● Task statement:
Which lines run from the one containing "this 1280×1706 image." through the end of the material? Reproduce them exactly.

***** Supplied data

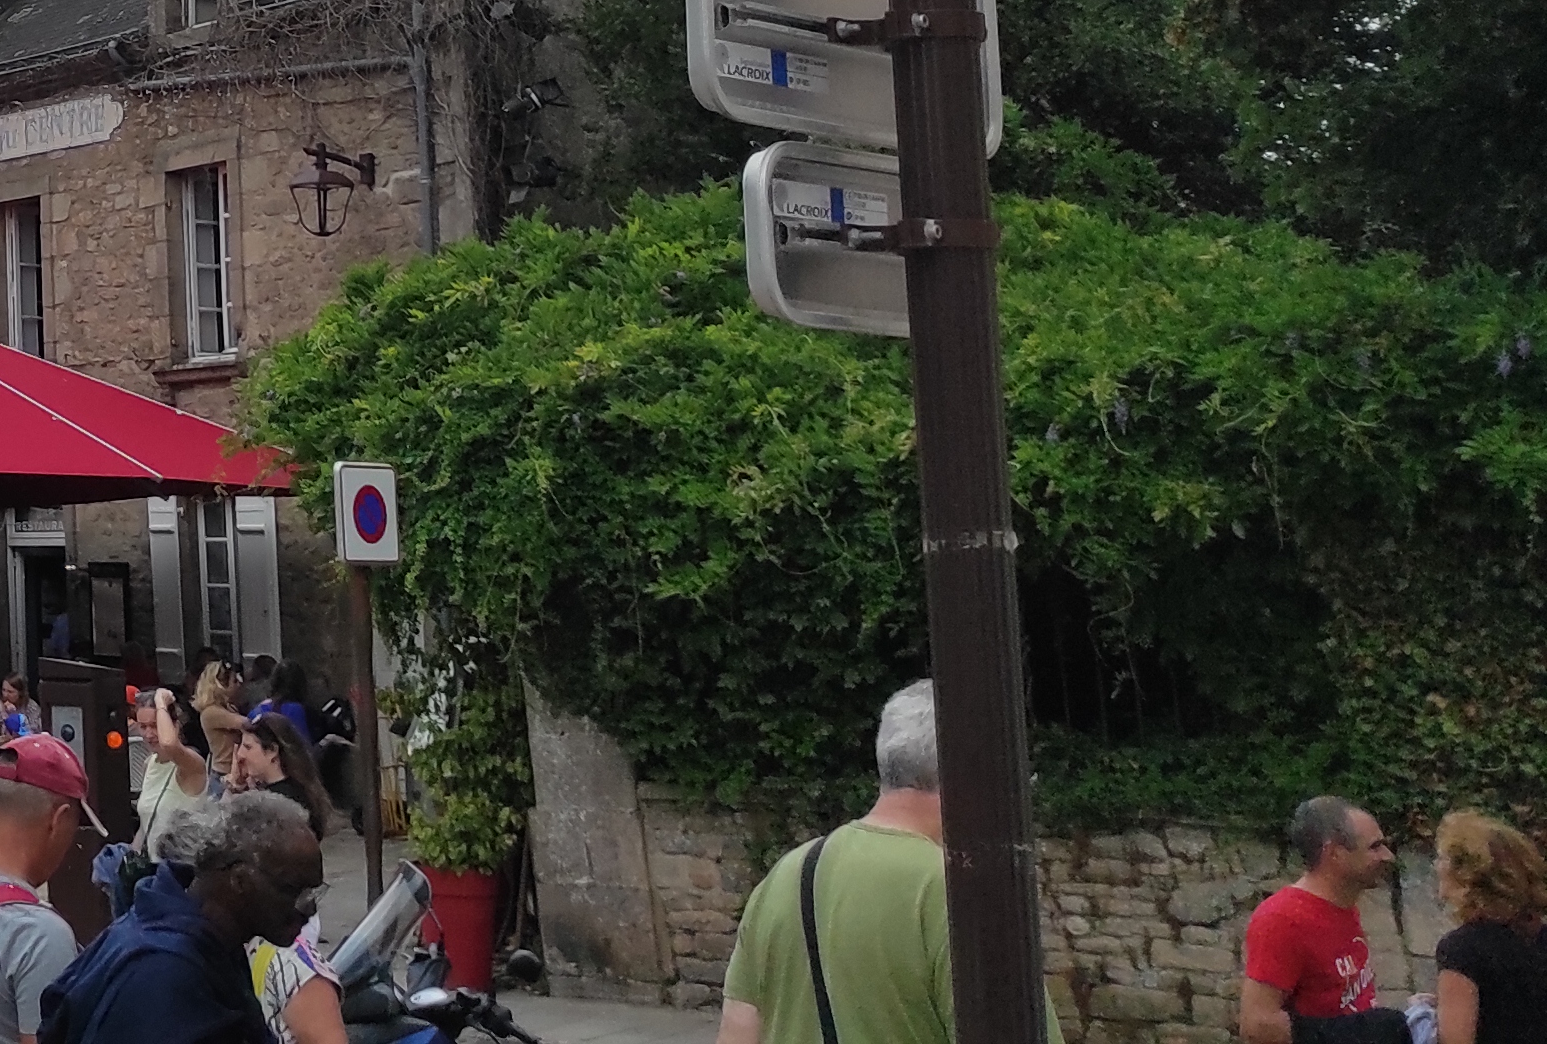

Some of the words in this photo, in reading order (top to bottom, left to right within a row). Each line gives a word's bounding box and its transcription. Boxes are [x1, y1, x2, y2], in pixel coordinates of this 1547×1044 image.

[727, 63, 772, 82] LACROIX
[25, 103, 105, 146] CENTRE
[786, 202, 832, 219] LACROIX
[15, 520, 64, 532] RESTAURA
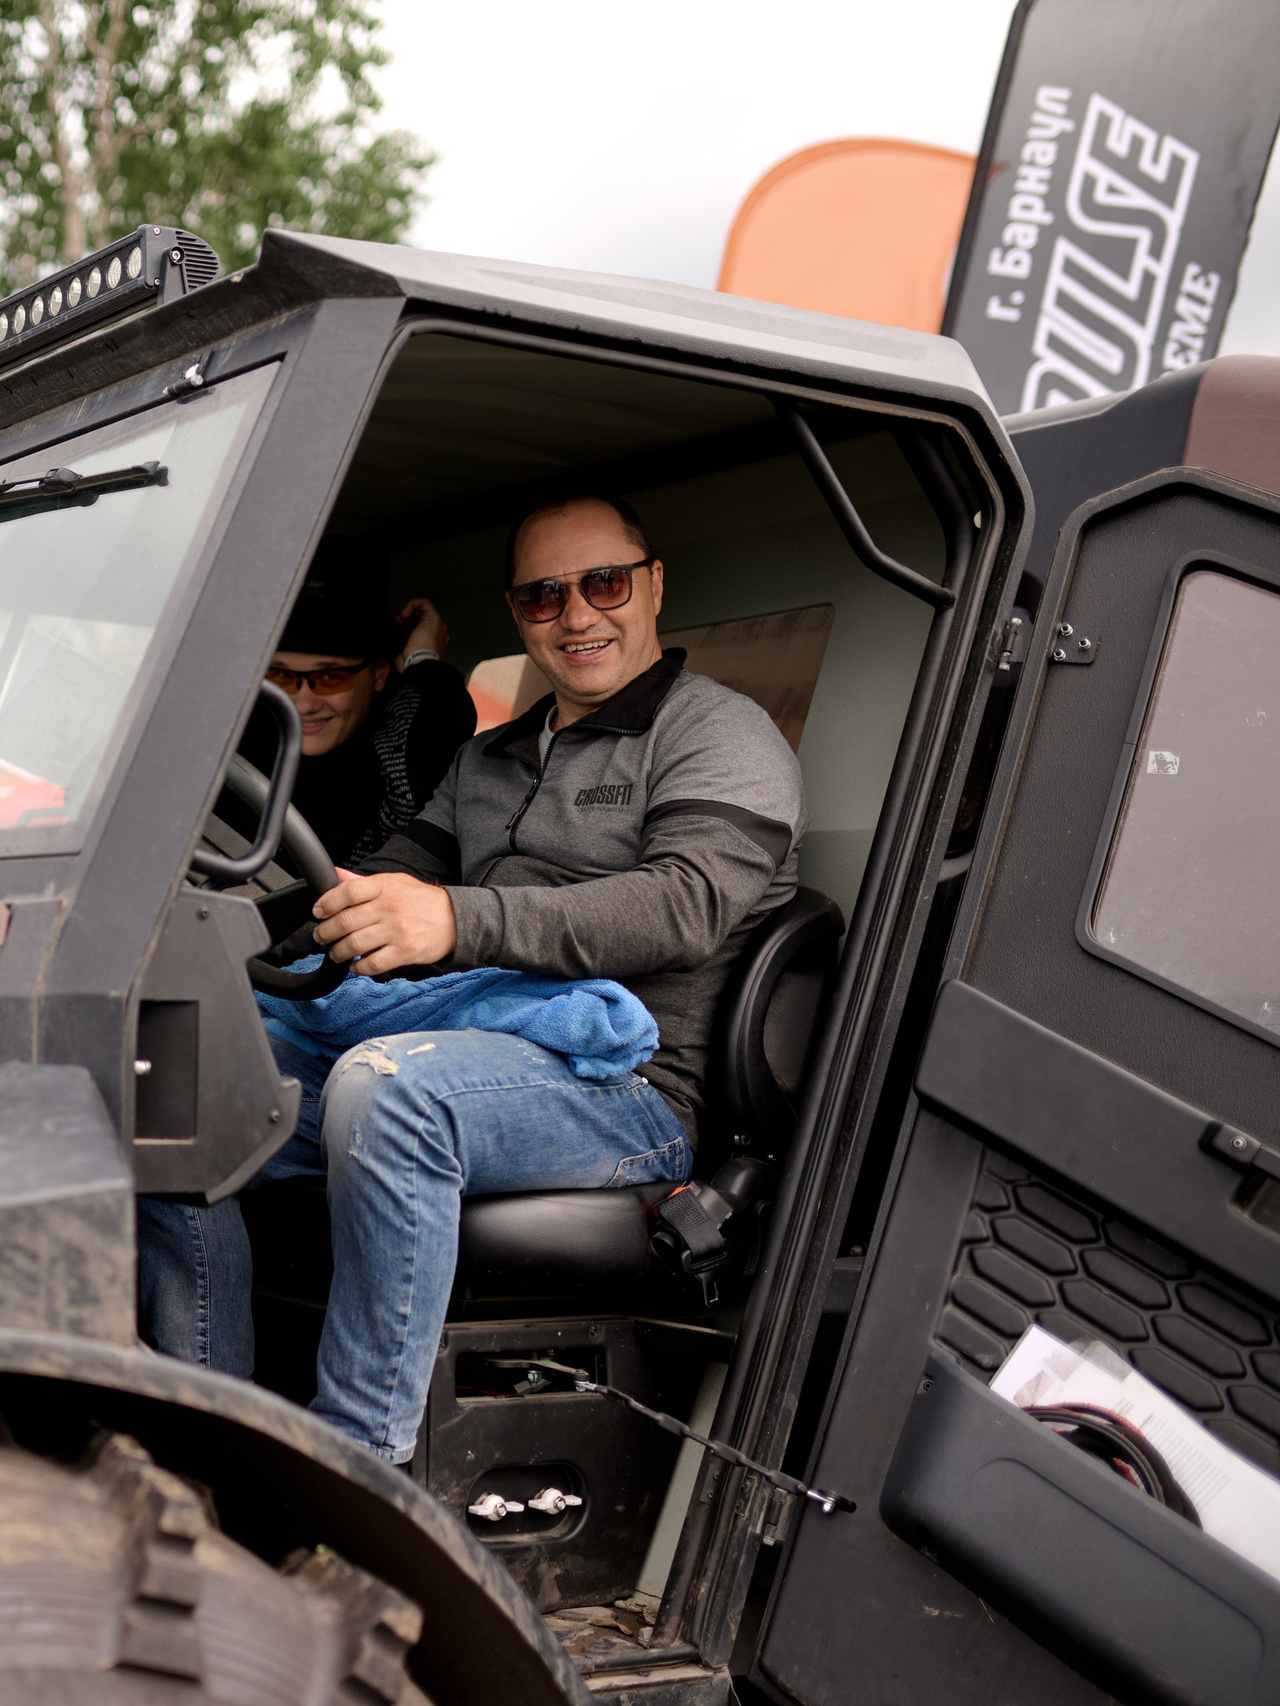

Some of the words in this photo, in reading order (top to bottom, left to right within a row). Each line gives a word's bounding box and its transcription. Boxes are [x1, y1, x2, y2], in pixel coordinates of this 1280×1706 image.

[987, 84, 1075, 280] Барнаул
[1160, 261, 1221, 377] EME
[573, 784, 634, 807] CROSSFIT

**********

● Worked solution:
Some of the words in this photo, in reading order (top to bottom, left to right within a row). Each line gives a word's bounding box and its transcription. Boxes are [x1, y1, x2, y2], in pixel coordinates of this 1280×1706 image.

[987, 84, 1075, 280] Барнаул
[1160, 261, 1221, 377] EME
[573, 784, 634, 807] CROSSFIT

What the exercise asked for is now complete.